While these metrics are modest compared to models trained on narrowly defined, high-symmetry perovskite datasets, they reflect the increased complexity of the present screening space. The inclusion of distorted structures, mixed-anion compounds, and heavy-element chemistries substantially broadens the range of bonding motifs and electronic structures, imposing an intrinsic limit on the predictive accuracy achievable with composition-only descriptors.

Importantly, the consistency between cross-validation and test performance indicates that the model generalizes within the defined chemical space and does not rely on favorable data partitioning or overfitting.
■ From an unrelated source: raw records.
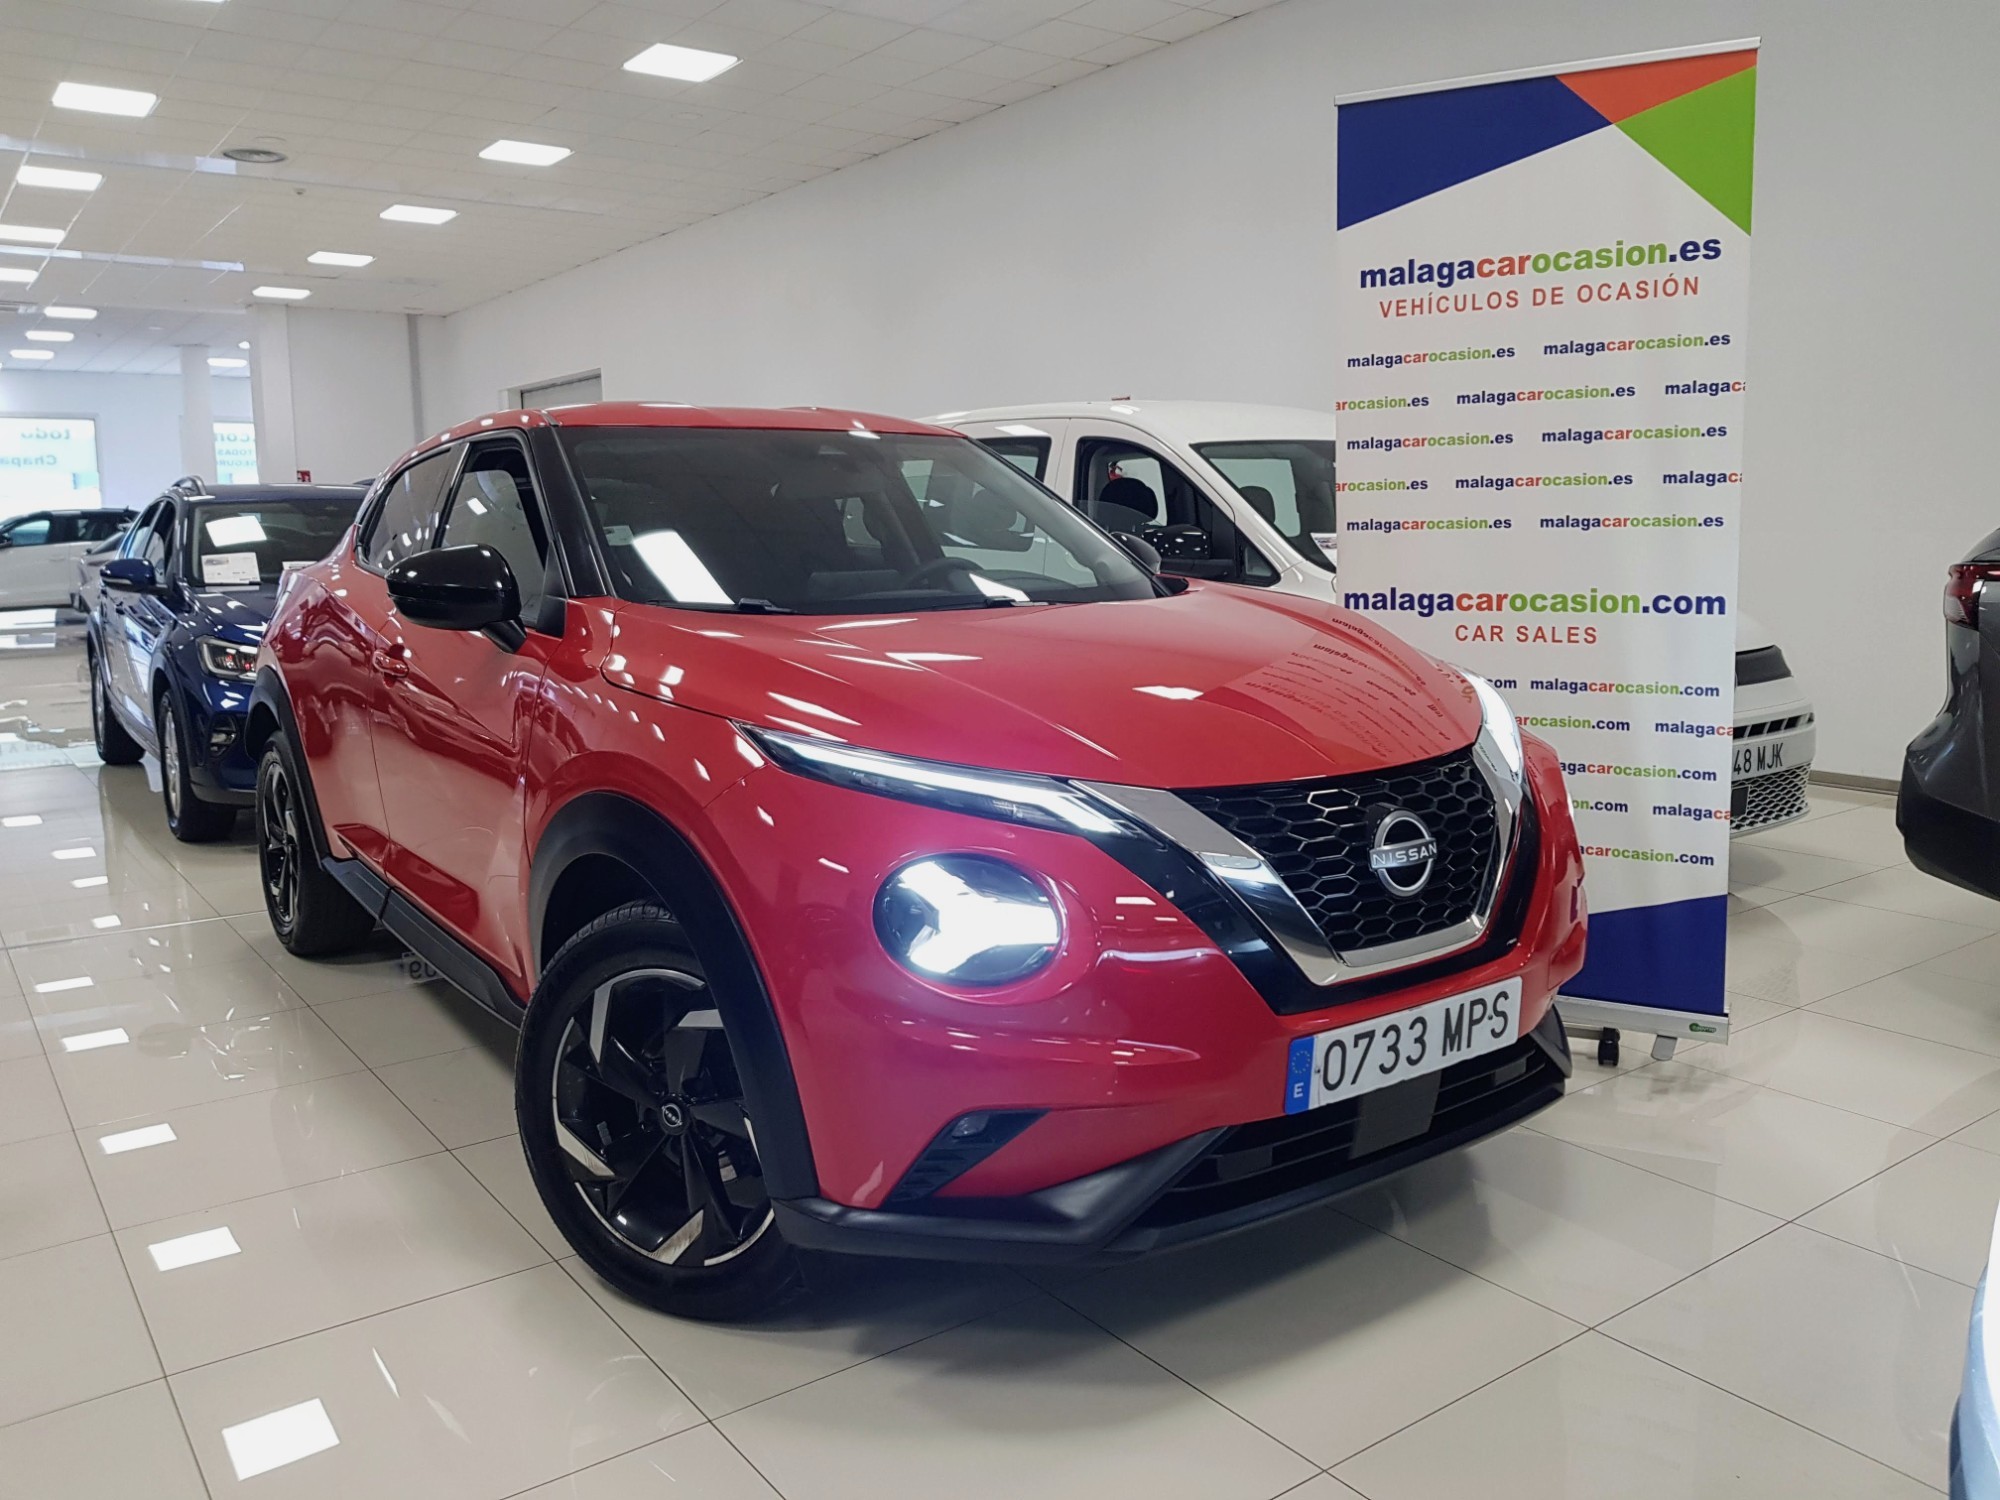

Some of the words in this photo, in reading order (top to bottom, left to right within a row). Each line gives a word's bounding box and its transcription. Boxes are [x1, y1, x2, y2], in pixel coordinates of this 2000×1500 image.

[1360, 238, 1722, 289] malagacarocasion.es
[1379, 290, 1519, 318] VEHÍCULOS
[1532, 287, 1564, 306] DE
[1577, 273, 1699, 304] OCASIÓN
[1543, 334, 1731, 357] malagacarocasion.es
[1347, 347, 1515, 369] malagacarocasion.es
[1456, 385, 1636, 406] malagacarocasion.es
[1346, 432, 1514, 452] malagacarocasion.es
[1542, 425, 1727, 445] malagacarocasion.es
[1455, 472, 1633, 491] malagacarocasion.es
[1346, 517, 1512, 534] malagacarocasion.es
[1540, 514, 1724, 532] malagacarocasion.es
[1344, 587, 1726, 618] malagacarocasion.com
[1455, 624, 1504, 642] CAR
[1516, 625, 1597, 644] SALES
[1530, 678, 1720, 697] malagacarocasion.com
[1733, 749, 1752, 775] 48
[1757, 742, 1783, 771] MJK
[1373, 842, 1437, 865] NISSAN
[1322, 1016, 1428, 1092] 0733
[1441, 990, 1510, 1057] MPS
[1293, 1082, 1304, 1098] E
3.2 Systematic bias in PBE band gaps

Semi-local DFT functionals such as PBE are well known to underestimate band gaps, particularly in systems containing heavy elements, localized d or f electrons, or strong spin–orbit coupling effects.16 This underestimation is systematic rather than random, resulting in a structured bias that propagates directly into machine learning models trained on PBE-level data.

Consequently, raw ML predictions of DFT band gaps cannot be directly interpreted as experimental values. Instead of attempting to implicitly correct this bias within the regression model, we treat PBE underestimation as a separate, physically motivated problem.
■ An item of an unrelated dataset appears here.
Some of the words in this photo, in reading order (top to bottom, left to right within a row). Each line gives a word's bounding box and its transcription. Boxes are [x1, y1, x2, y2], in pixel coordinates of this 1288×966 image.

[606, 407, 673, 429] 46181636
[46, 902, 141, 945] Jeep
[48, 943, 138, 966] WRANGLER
3.3 Data-driven calibration to experimental band gaps

The calibration relates PBE-calculated band gaps to reported experimental values for the 20-compound benchmark set:
Eexp = 0.885EPBE + 0.966 (in-sample R2 = 0.655, p = 1.6 × 10−5, n = 20; bootstrap 95% CI on slope: [0.635, 1.249])

We note that this R2 = 0.655 is the in-sample fit quality of the linear calibration on 20 reference compounds—it should not be confused with the ML ensemble's test-set R2 = 0.620 (Section 3.1), which evaluates predictive accuracy on PBE-level band gaps of held-out materials. The calibration R2 is a measure of how well the PBE-to-experiment linear trend is captured across diverse chemical families; the relatively modest value reflects genuine scatter arising from chemistry-dependent DFT errors rather than poor data quality.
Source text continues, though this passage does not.